Given data Start Marker

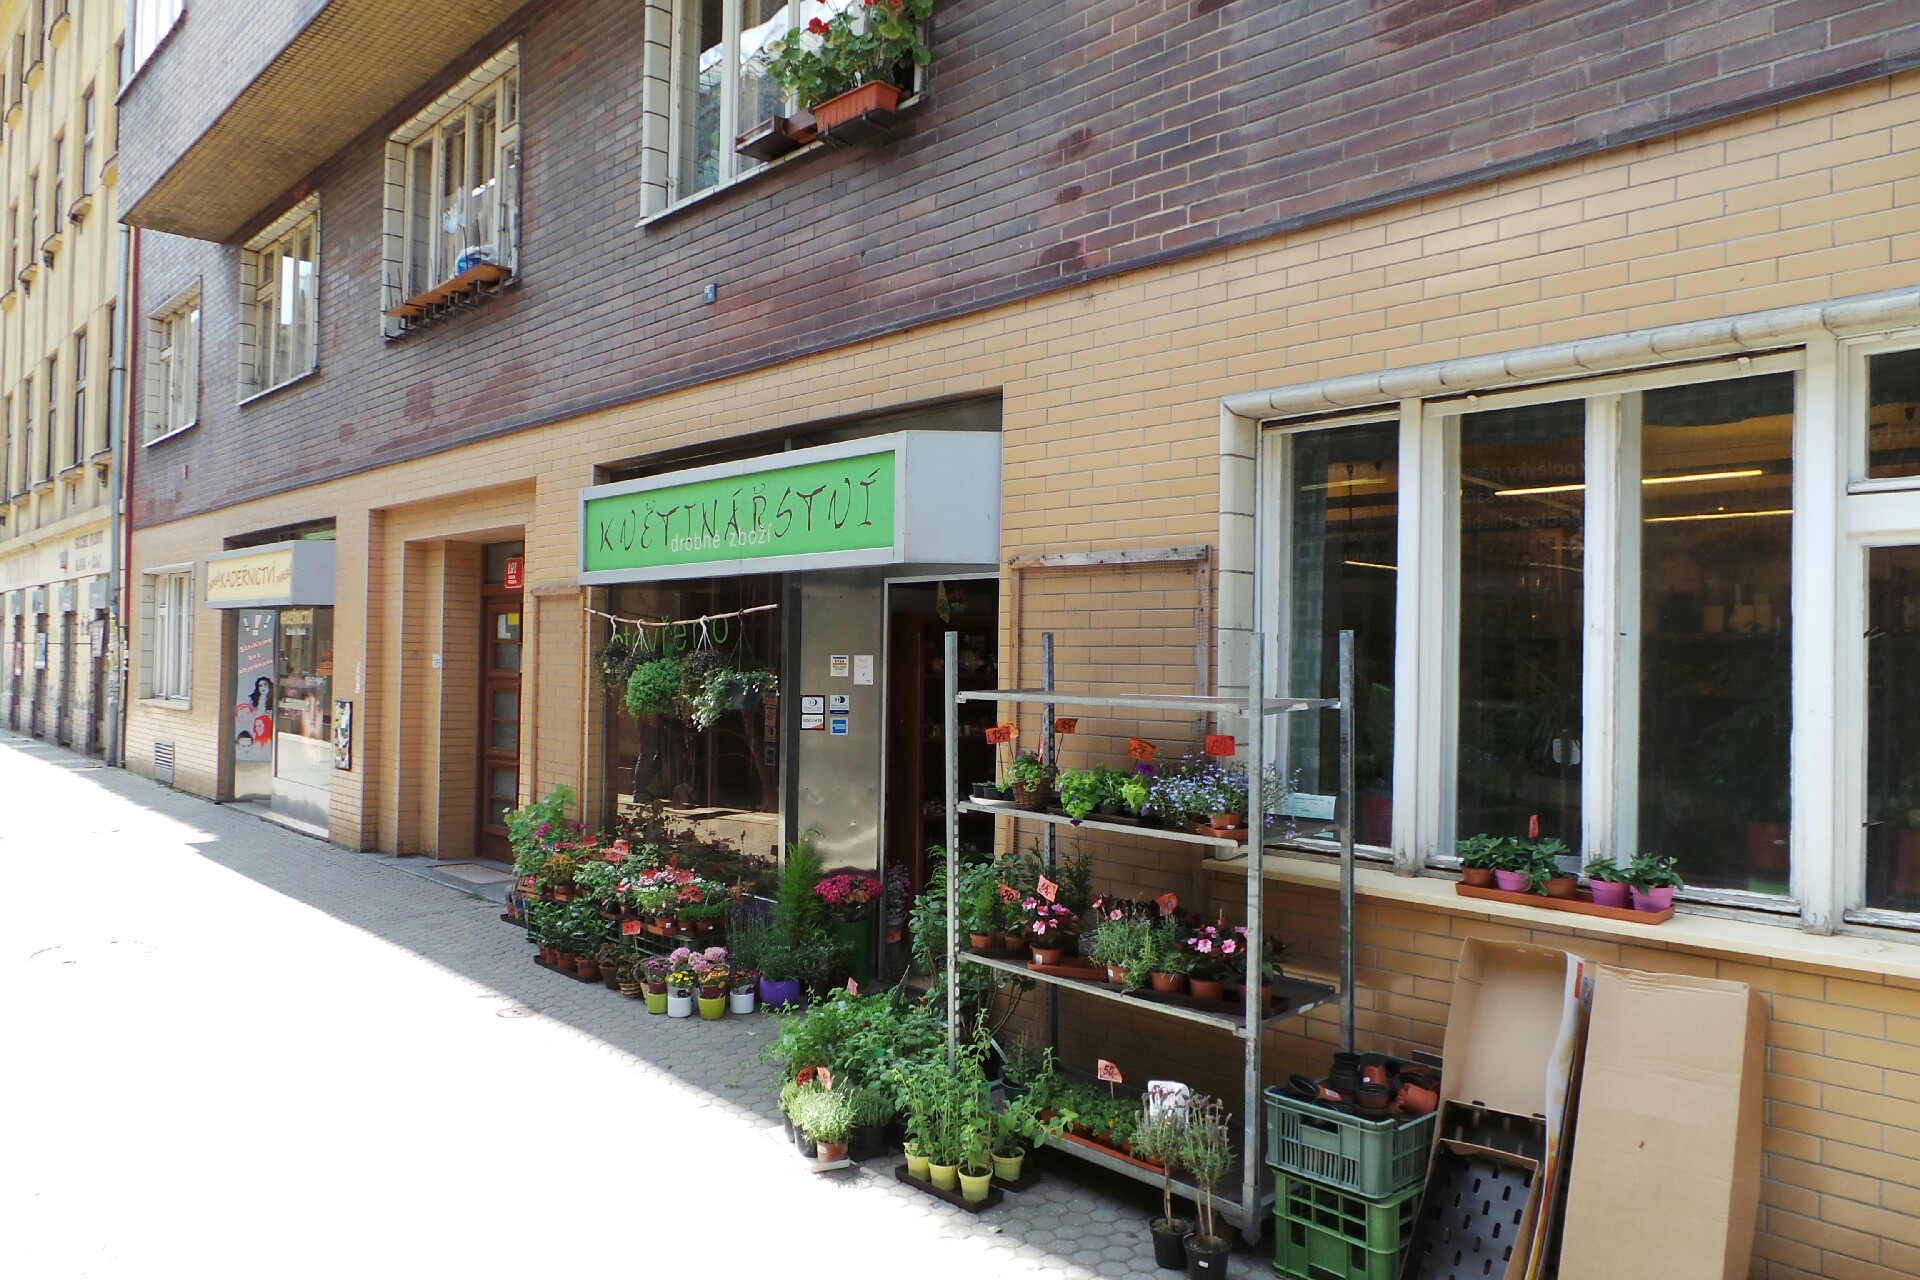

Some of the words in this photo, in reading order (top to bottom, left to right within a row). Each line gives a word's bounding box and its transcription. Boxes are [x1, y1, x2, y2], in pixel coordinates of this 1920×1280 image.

[599, 468, 881, 552] KVĚTINÁŘSTVÍ
[671, 528, 720, 552] drobné
[729, 523, 771, 548] zboží
[220, 560, 276, 588] KADEŘNICTVÍ

Given data End Marker

_Task instructions_.
Give the data again word for word, without images.

_Solution to the exercise_.
Some of the words in this photo, in reading order (top to bottom, left to right within a row). Each line gives a word's bounding box and its transcription. Boxes are [x1, y1, x2, y2], in pixel coordinates of this 1920×1280 image.

[599, 468, 881, 552] KVĚTINÁŘSTVÍ
[671, 528, 720, 552] drobné
[729, 523, 771, 548] zboží
[220, 560, 276, 588] KADEŘNICTVÍ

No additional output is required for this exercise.